Your instructions - An exact copy of the listing below is required, minus its pictures.

Records to process -
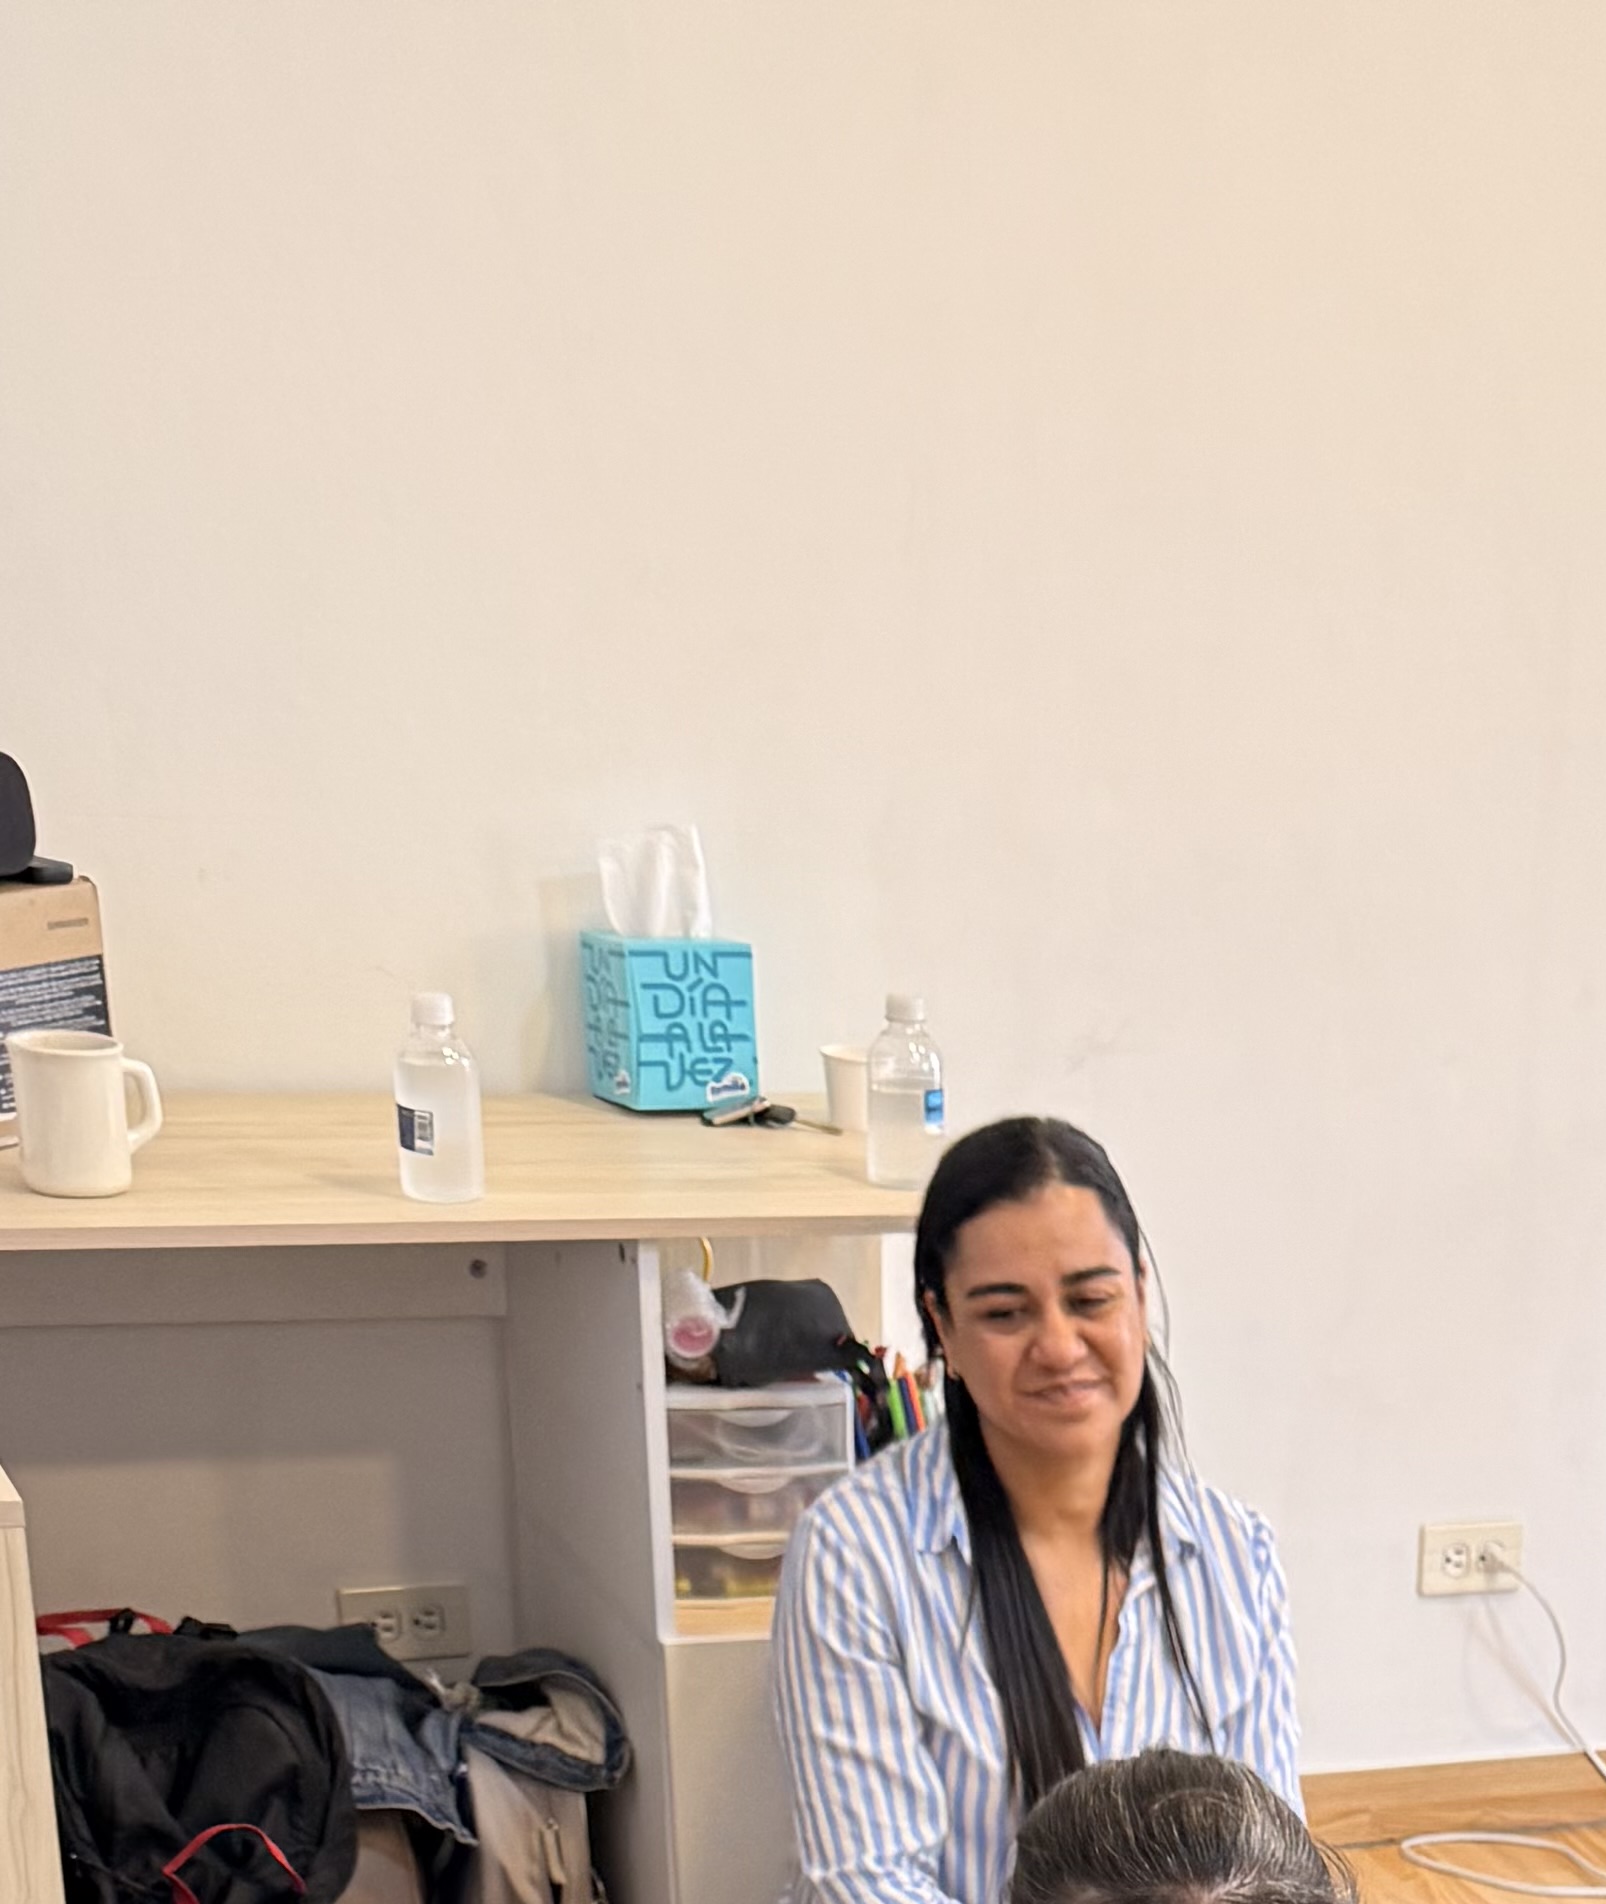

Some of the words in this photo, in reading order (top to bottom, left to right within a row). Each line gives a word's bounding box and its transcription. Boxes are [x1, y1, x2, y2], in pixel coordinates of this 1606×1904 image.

[628, 950, 752, 981] UN
[640, 978, 747, 1021] DÍA
[697, 1020, 749, 1052] LA
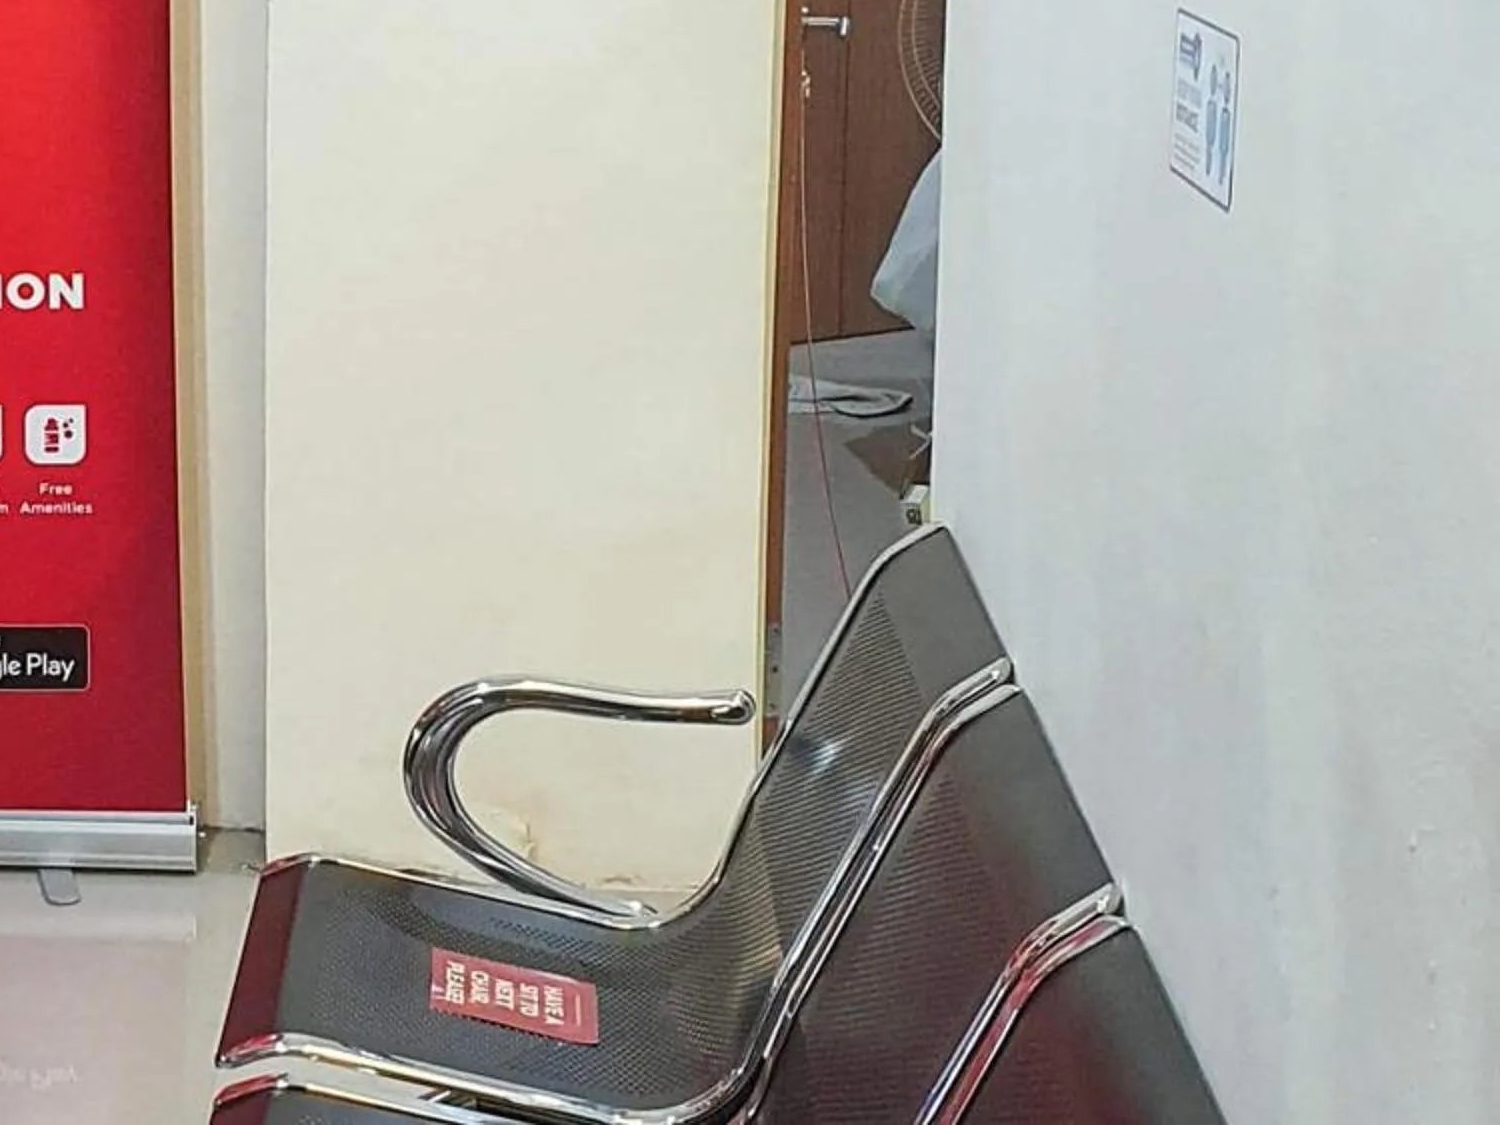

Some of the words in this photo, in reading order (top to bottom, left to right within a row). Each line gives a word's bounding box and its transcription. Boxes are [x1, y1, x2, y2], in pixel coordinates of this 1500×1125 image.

[38, 482, 73, 496] Free
[19, 501, 94, 515] Amenities
[26, 653, 76, 682] Play
[470, 970, 490, 1005] CHAIR
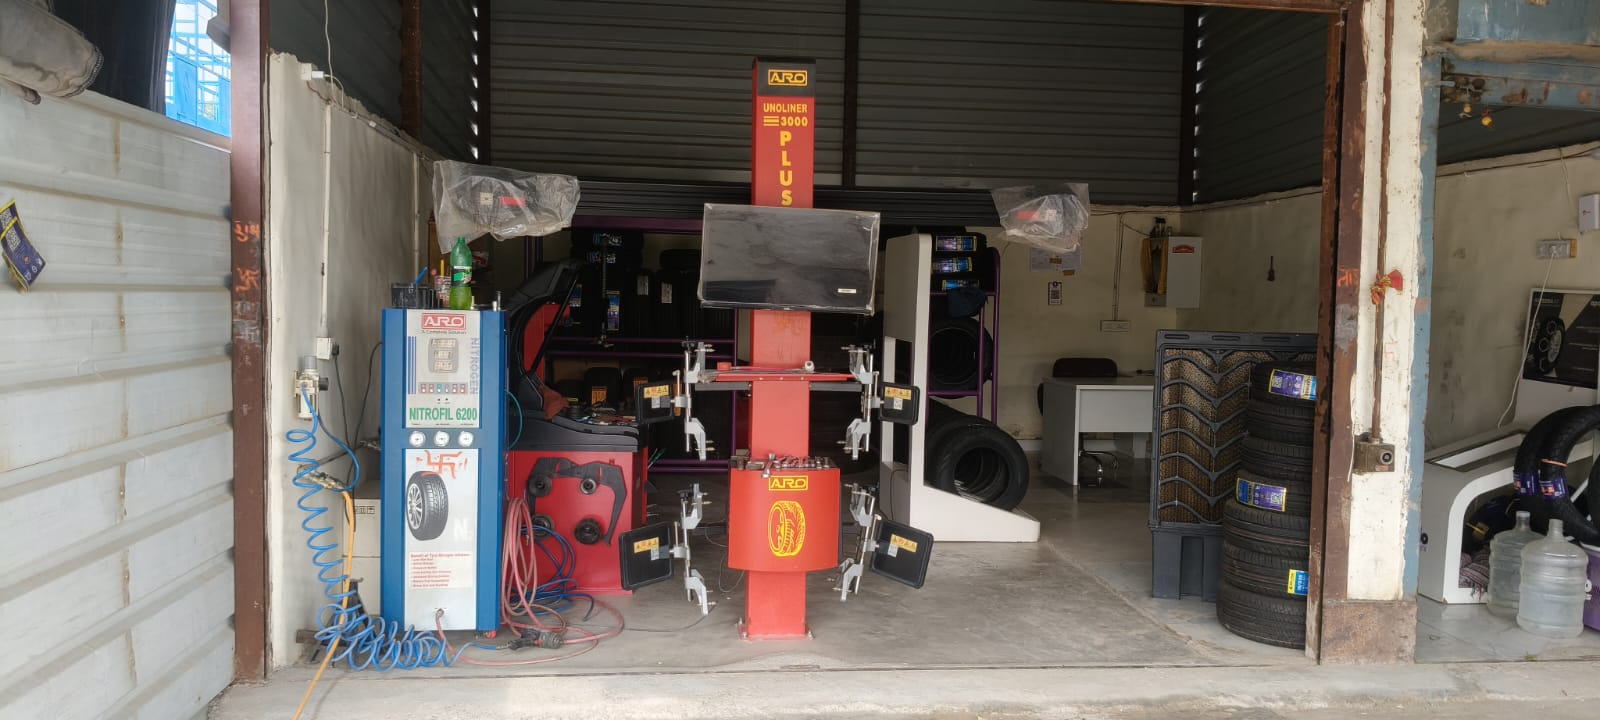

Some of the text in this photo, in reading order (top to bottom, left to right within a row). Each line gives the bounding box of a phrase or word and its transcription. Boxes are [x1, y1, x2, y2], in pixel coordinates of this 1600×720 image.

[770, 71, 806, 83] ARO
[763, 103, 808, 113] UNOLINER
[780, 116, 808, 127] 3000
[779, 131, 793, 206] PLUS
[424, 316, 464, 327] ARO
[470, 337, 480, 395] NITROGEN
[409, 407, 477, 420] NITROFIL 6200
[771, 478, 805, 488] ARO
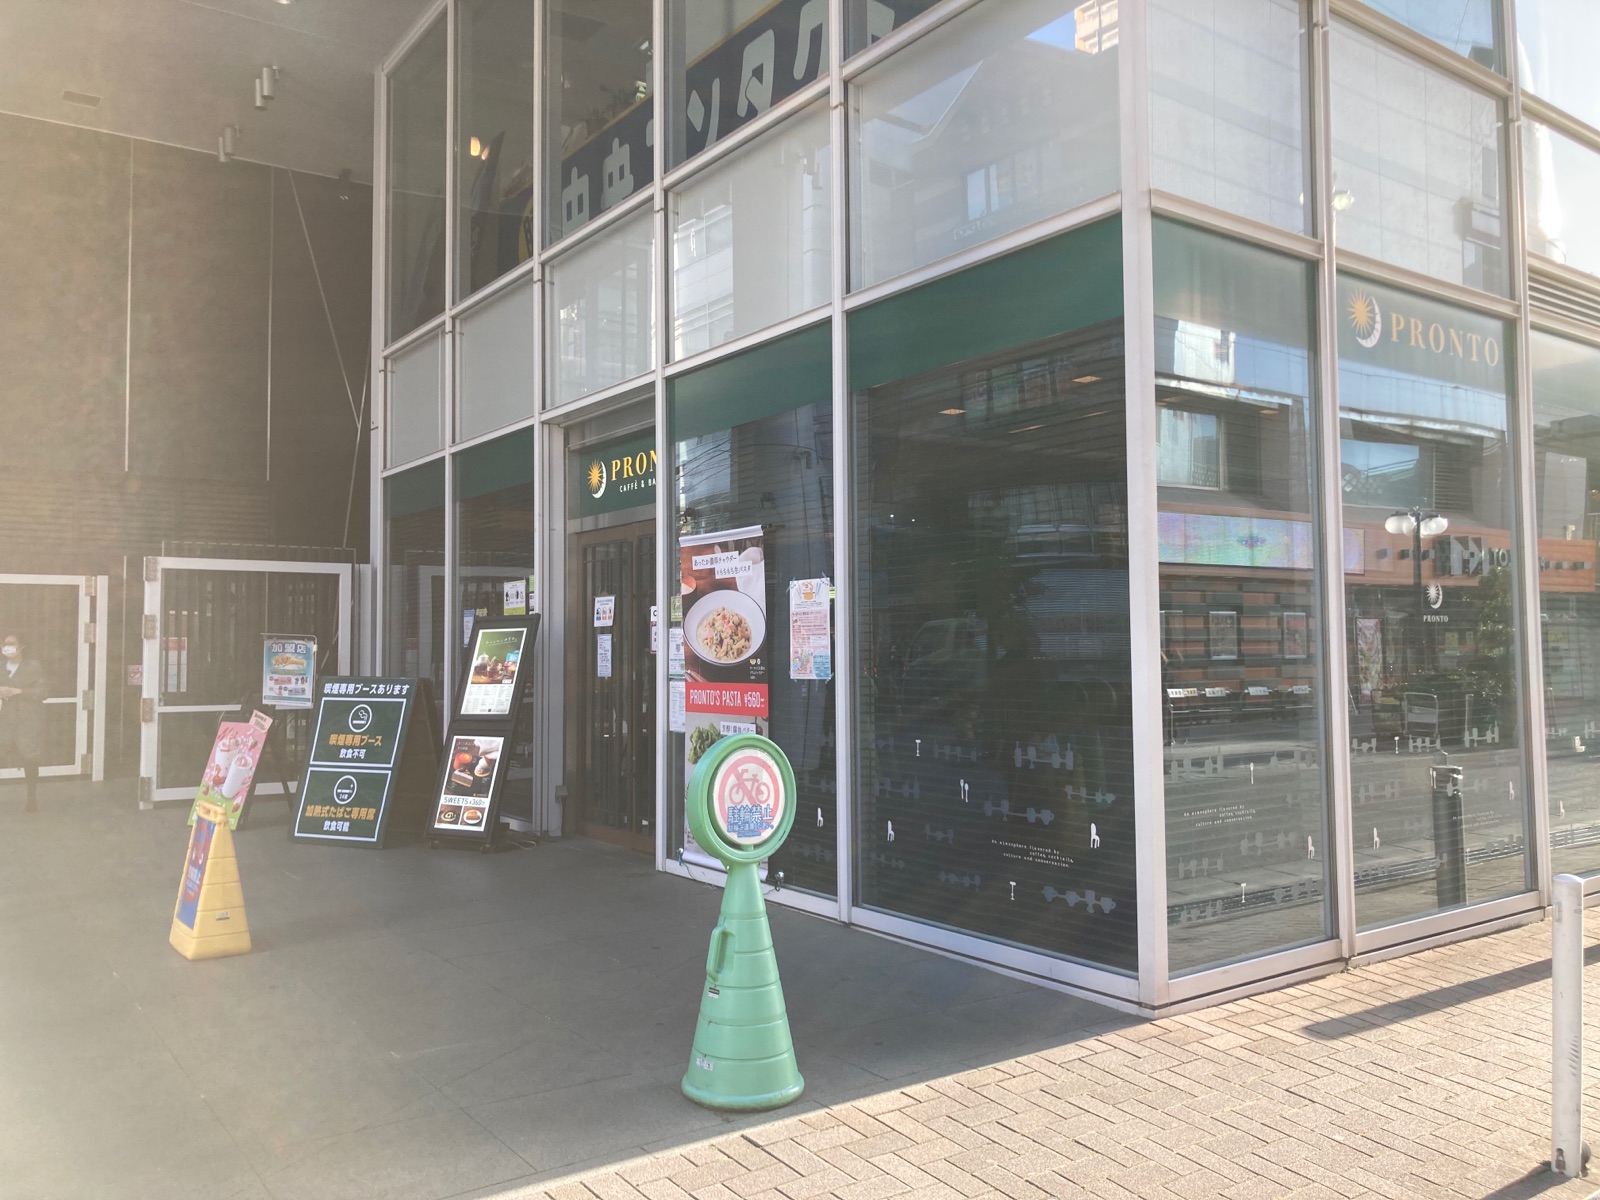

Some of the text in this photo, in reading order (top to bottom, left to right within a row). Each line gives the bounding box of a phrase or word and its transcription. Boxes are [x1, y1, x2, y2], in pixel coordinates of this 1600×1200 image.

Answer to the problem -
Some of the words in this photo, in reading order (top to bottom, left to right within a row). Each line gives a word's bounding box and its transcription. Boxes are [x1, y1, x2, y2], in pixel coordinates of this 1606×1904 image.

[628, 950, 752, 981] UN
[640, 978, 747, 1021] DÍA
[697, 1020, 749, 1052] LA

Some of the words in this photo, in reading order (top to bottom, left to right within a row). Each line gives a word's bounding box and its transcription. Boxes are [x1, y1, x2, y2], in pixel coordinates of this 1500×1125 image.

[38, 482, 73, 496] Free
[19, 501, 94, 515] Amenities
[26, 653, 76, 682] Play
[470, 970, 490, 1005] CHAIR

Some of the text in this photo, in reading order (top to bottom, left to right within a row). Each line gives the bounding box of a phrase or word and its transcription. Boxes are [x1, y1, x2, y2], in pixel coordinates of this 1600×720 image.

[770, 71, 806, 83] ARO
[763, 103, 808, 113] UNOLINER
[780, 116, 808, 127] 3000
[779, 131, 793, 206] PLUS
[424, 316, 464, 327] ARO
[470, 337, 480, 395] NITROGEN
[409, 407, 477, 420] NITROFIL 6200
[771, 478, 805, 488] ARO

Some of the text in this photo, in reading order (top to bottom, left to right within a row). Each line gives the bounding box of a phrase or word and its transcription. Boxes are [x1, y1, x2, y2], in pixel coordinates of this 1600×1200 image.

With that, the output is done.